🤖 AI Summary
This study addresses the challenges of high computational cost arising from large-scale samples and data privacy constraints across institutions in functional regression. It proposes the first distributed estimation framework applicable to functional linear models (FLM), nonparametric models (FNPM), and partially linear models (FPLM). By integrating distributed statistical inference with functional data analysis techniques, the method enables efficient parallel estimation without sharing raw data. Theoretical analysis and simulation studies demonstrate that the proposed approach substantially reduces computation time while maintaining high estimation and prediction accuracy.
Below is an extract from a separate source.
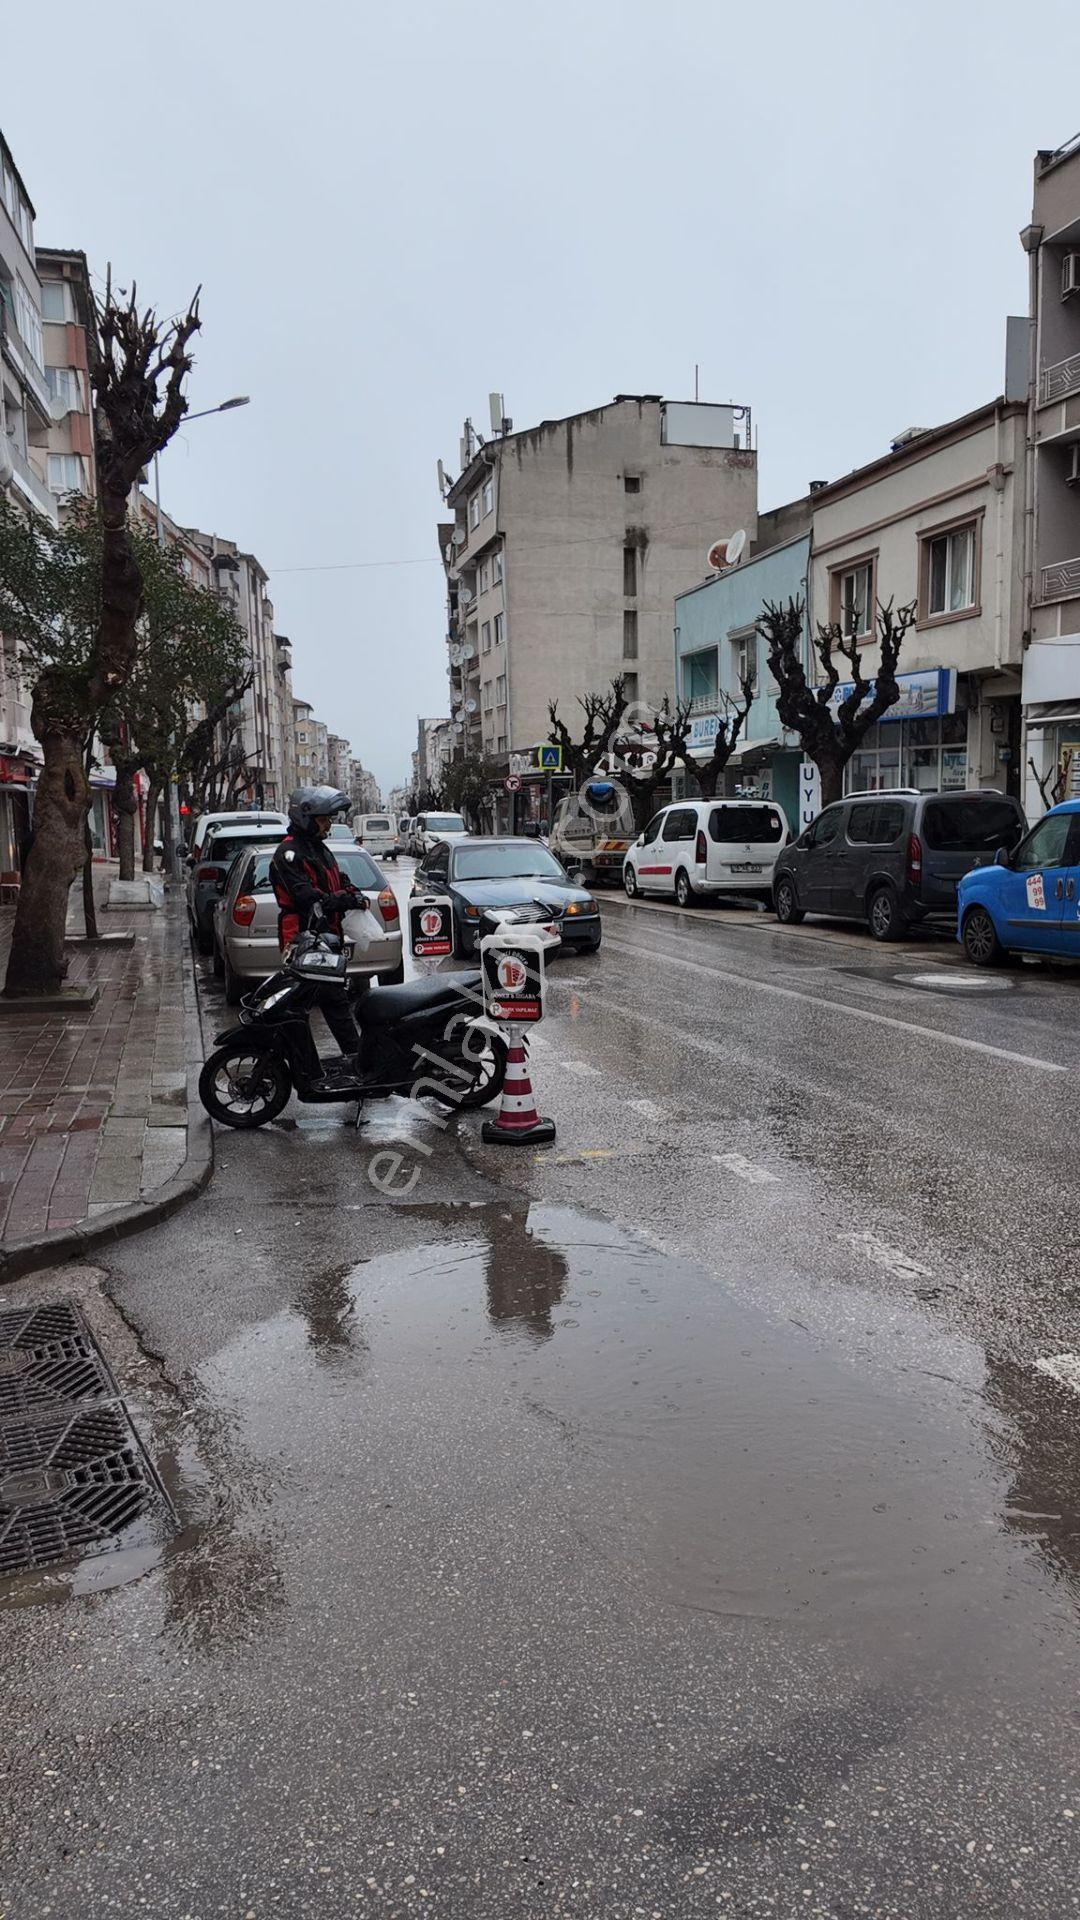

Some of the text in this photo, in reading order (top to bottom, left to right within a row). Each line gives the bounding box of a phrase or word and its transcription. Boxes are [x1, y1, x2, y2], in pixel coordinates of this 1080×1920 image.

Empirical validation on the Tecator dataset further confirms its effectiveness, achieving a favorable balance among privacy preservation, computational efficiency, and statistical accuracy.
📝 Abstract
This paper proposes distributed estimation procedures for three scalar-on-function regression models: the functional linear model (FLM), the functional non-parametric model (FNPM), and the functional partial linear model (FPLM). The framework addresses two key challenges in functional data analysis, namely the high computational cost of large samples and limitations on sharing raw data across institutions. Monte Carlo simulations show that the distributed estimators substantially reduce computation time while preserving high estimation and prediction accuracy for all three models. When block sizes become too small, the FPLM exhibits overfitting, leading to narrower prediction intervals and reduced empirical coverage probability. An example of an empirical study using the \textit{tecator} dataset further supports these findings.